Even before talks started at the end of May, miners began blocking major road arteries linking northern cities, and 10 miners began sit-ins after their shifts ended at the Candín mine in Oviedo. The premature strikes were spontaneous and not authorized by the unions, but the action reflected the deep frustration felt by Spanish miners over the proposed subsidy cuts. The European Union announced two years ago that member states must end subsidies to the coal sector by the end of 2018, in effect imposing a death sentence on an industry that dates back more than two centuries.

That said, Spain's coal industry has been living under the threat of extinction since the Great Depression of the 1930s, although successive governments have kept the sector alive through subsidies. But Prime Minister Mariano Rajoy's Popular Party (PP) government is determined to enforce a 63-percent subsidy reduction as part of efforts to bring down the public deficit.

Over the years, the PP has made political capital of the Socialist Party's gradual shutdown of the country's coal industry. In 1985, three years after the first Socialist Party government took office, Spain's mining sector employed 53,000 people. Since then, a series of restructuring programs - based mainly on early retirements and limited hiring - has reduced the workforce to around 8,000, working in 47 pits, while production has fallen from 20 million tons to around 8.5 million tons a year. A significant number of those jobs were shed during the PP's two terms in office, between 1996 and 2004.

The PM knows that the miners will have little sympathy outside the region

The wider political situation in Asturias should also be taken into account: in May, after months of negotiations, the PP failed to form a coalition government with renegade conservative Francisco Álvarez Cascos, allowing the Socialist Party and United Left to do so with the support of the single regional deputy from the Progress and Democracy (UPyD) party.

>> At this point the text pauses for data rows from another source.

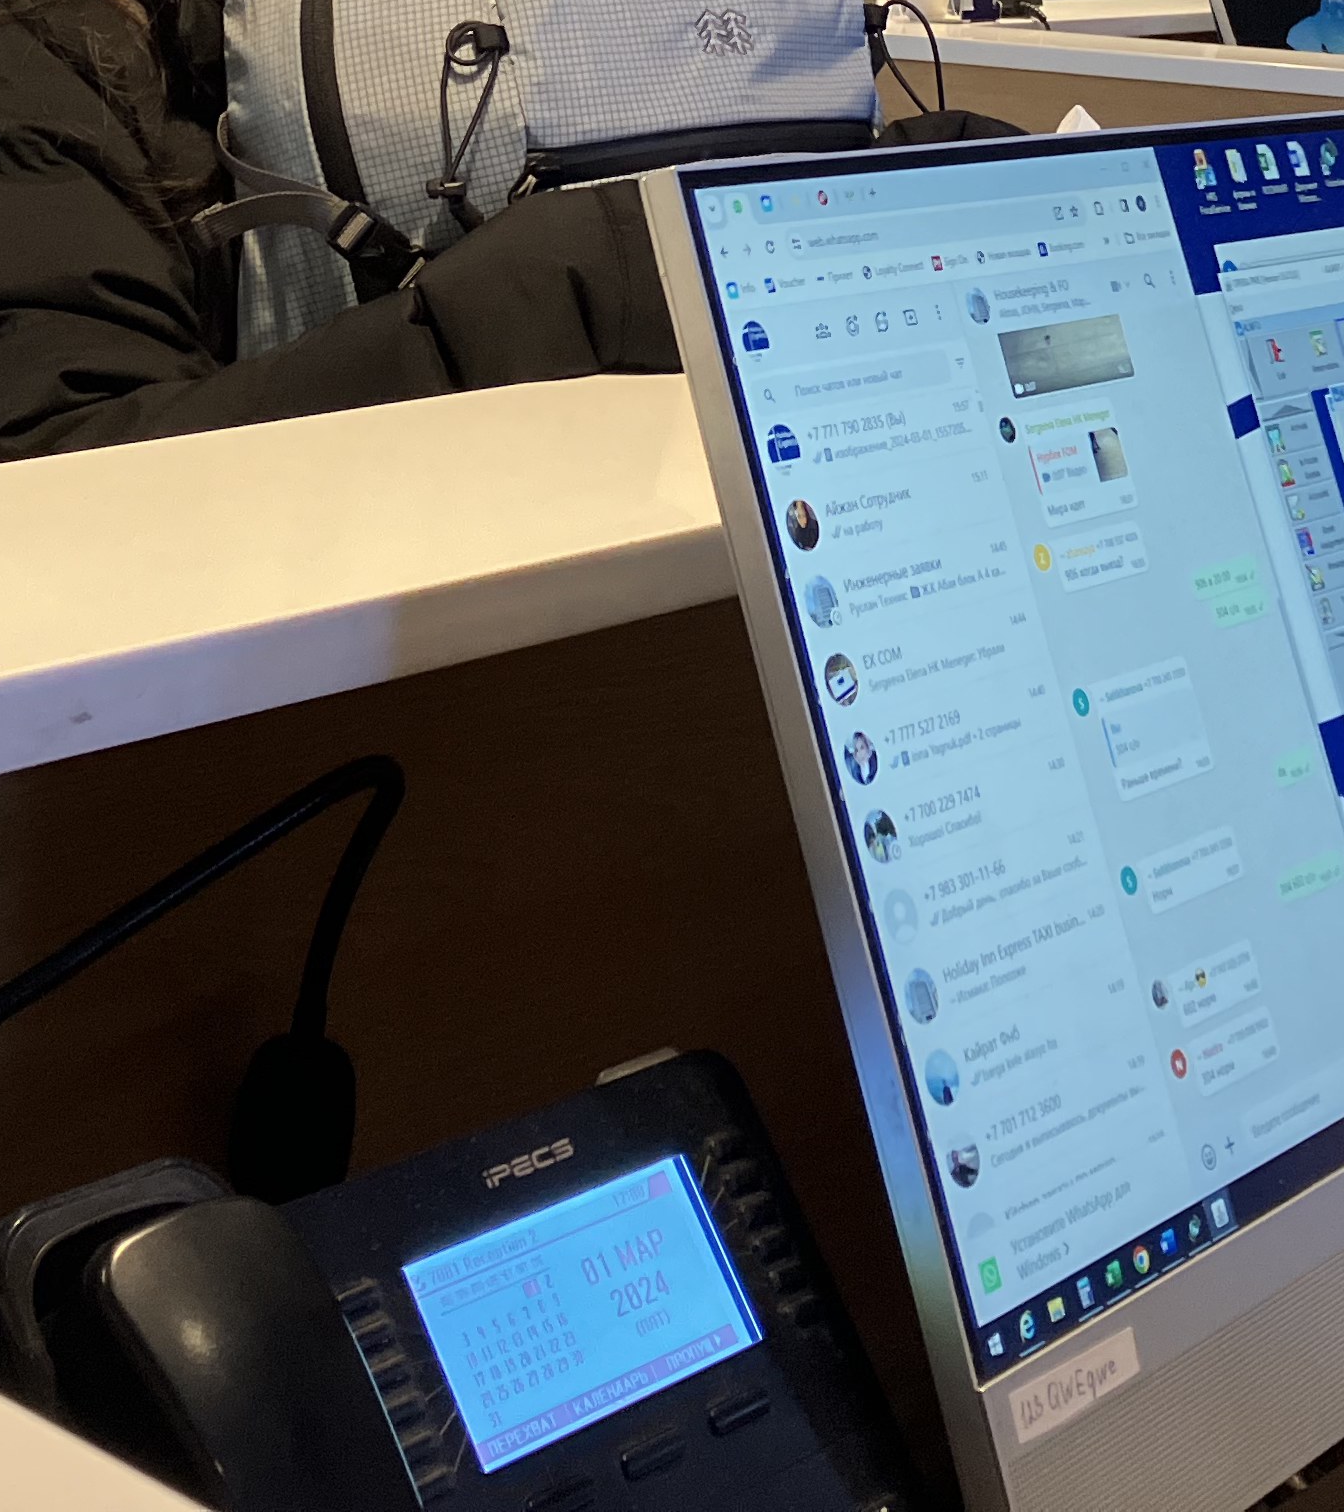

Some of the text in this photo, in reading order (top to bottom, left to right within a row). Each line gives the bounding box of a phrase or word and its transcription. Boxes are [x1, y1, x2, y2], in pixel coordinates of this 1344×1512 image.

[993, 283, 1049, 303] Housekeeping
[793, 381, 821, 397] Поиск
[861, 370, 888, 384] новый
[888, 369, 903, 380] чат
[806, 428, 821, 442] +7
[821, 424, 839, 439] 771
[861, 416, 884, 431] 2835
[824, 486, 911, 517] Айжан Сотрудник
[843, 558, 942, 595] Инженерные заявки
[1079, 564, 1099, 579] когда
[862, 646, 902, 669] EX COM
[898, 724, 916, 741] 777
[917, 718, 935, 734] 527
[936, 710, 960, 728] 2169
[918, 801, 936, 818] 700
[937, 794, 956, 811] 229
[957, 786, 980, 804] 7474
[938, 879, 957, 896] 983
[957, 860, 1005, 888] 301-11-66
[942, 956, 980, 986] Holiday
[980, 948, 997, 966] Inn
[997, 934, 1032, 962] Express
[1032, 924, 1053, 944] TAXI
[963, 1036, 998, 1065] Кайрат
[999, 1116, 1018, 1135] 701
[1019, 1106, 1037, 1126] 712
[1038, 1094, 1062, 1116] 3600
[482, 1138, 574, 1189] iPECS
[1011, 1215, 1065, 1256] Установите
[1066, 1188, 1114, 1228] WhatsApp
[461, 1234, 528, 1271] Reception
[578, 1252, 613, 1285] 01
[613, 1228, 668, 1269] МАР
[1017, 1245, 1061, 1279] Windows
[607, 1270, 672, 1317] 2024
[572, 1370, 649, 1414] КАЛЕНДАРЬ
[486, 1414, 558, 1456] ПЕРЕХВАТ

Focused exclusively on resolving Spain's borrowing crisis, Prime Minister Rajoy seems to have decided to cut Asturias loose. At the same time, he knows that the miners' arguments are likely to provoke little sympathy among voters outside the region: their work is still dangerous and dirty, but they are well paid and their working conditions have improved hugely. He will be hoping that Spaniards, weighed down by their own problems, will be unimpressed by news coverage of miners wearing balaclavas firing homemade bazookas and catapulting ball bearings at police from behind barricades made of burning tires.

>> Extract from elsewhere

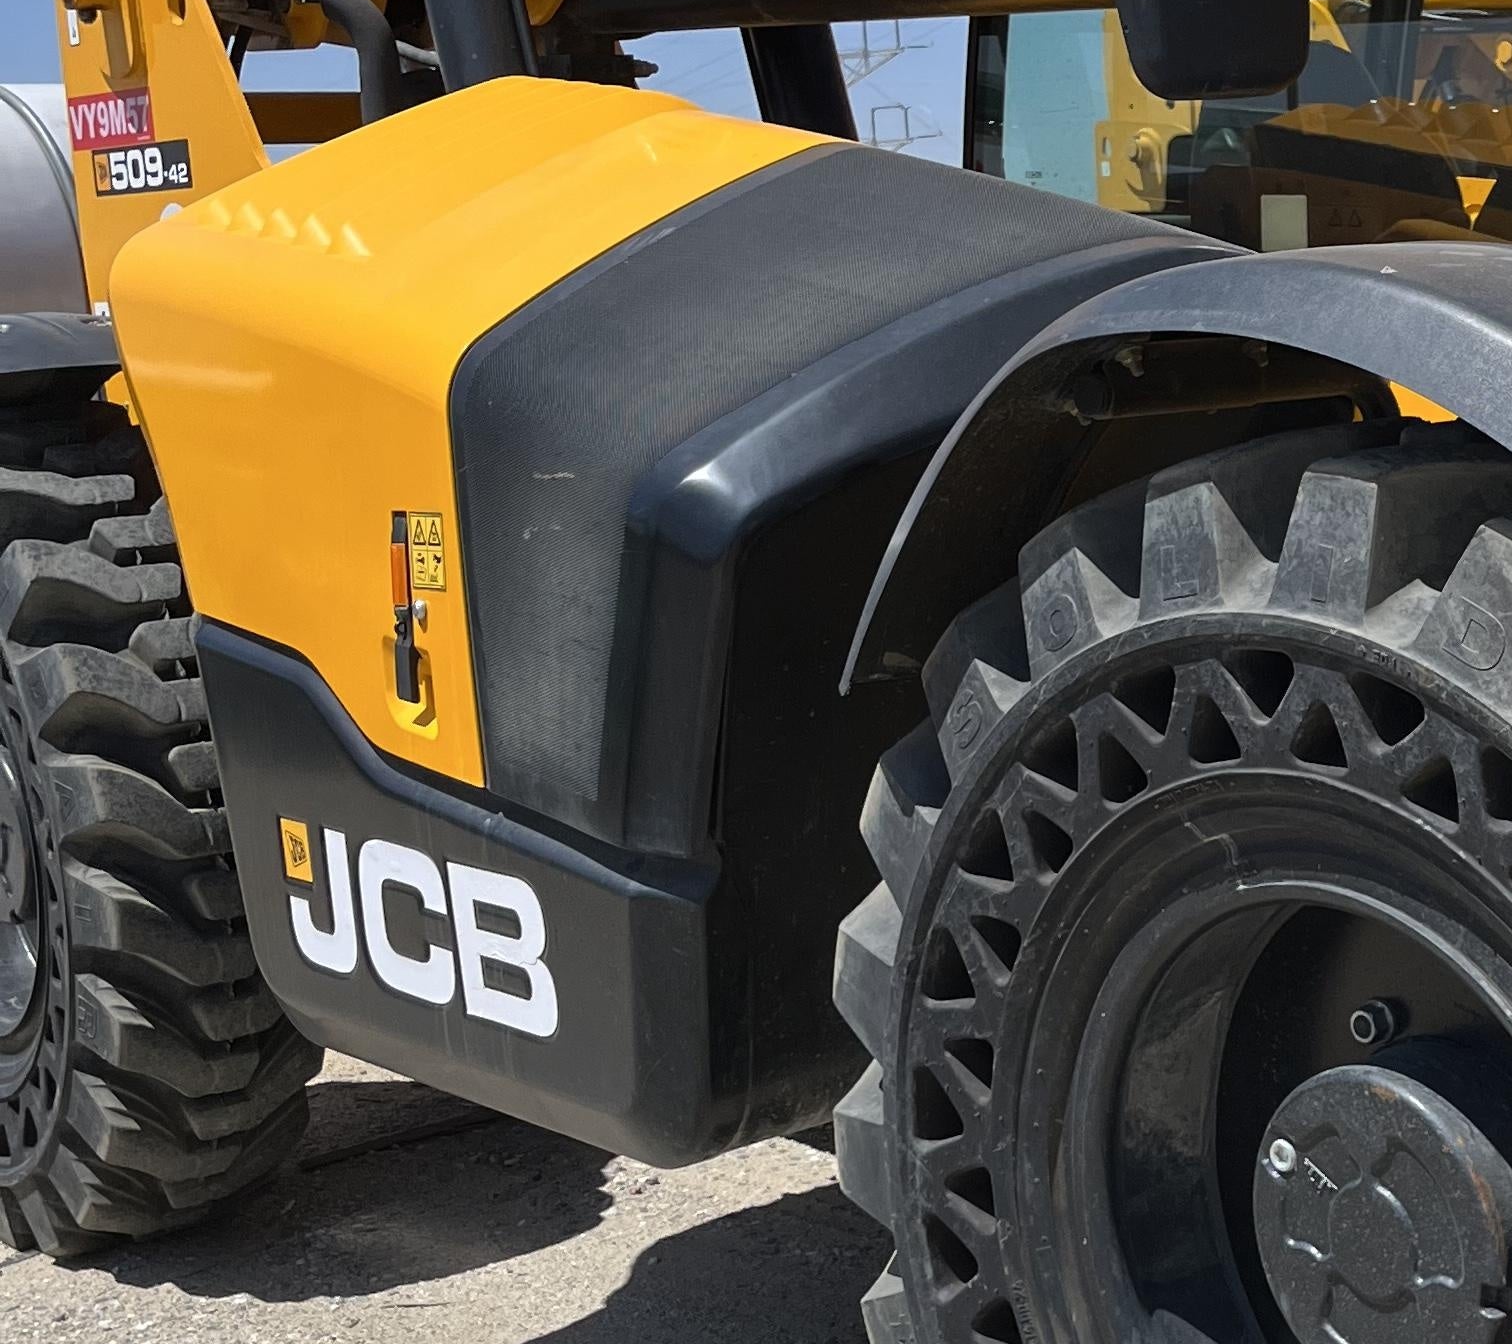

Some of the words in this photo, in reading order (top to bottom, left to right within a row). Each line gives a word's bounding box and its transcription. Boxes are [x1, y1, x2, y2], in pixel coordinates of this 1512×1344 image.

[69, 94, 149, 141] VY9M57
[108, 147, 189, 191] 509-42
[289, 827, 559, 1038] JCB

In the region itself, the road and rail blocks have brought Asturias to a standstill, cutting it off from the rest of the country, and effectively making the population hostages. There have already been injuries: a passenger aboard a local train was badly hurt when it hit a barricade made of tree trunks outside the city of Gijón.

The labor unions have warned that the situation could spiral out of control if a solution is not found to the conflict.

Spanish coal cannot compete with imports and has a low energy content

The protests in Spain are part of the much larger problem of coal's uncertain future in Europe. Part of it has to do with the market. Member states in the EU are not, in general, permitted to subsidize national industries. But because of coal's importance to Spain - it accounts for 30 percent of electricity production - an exception was made in 2002.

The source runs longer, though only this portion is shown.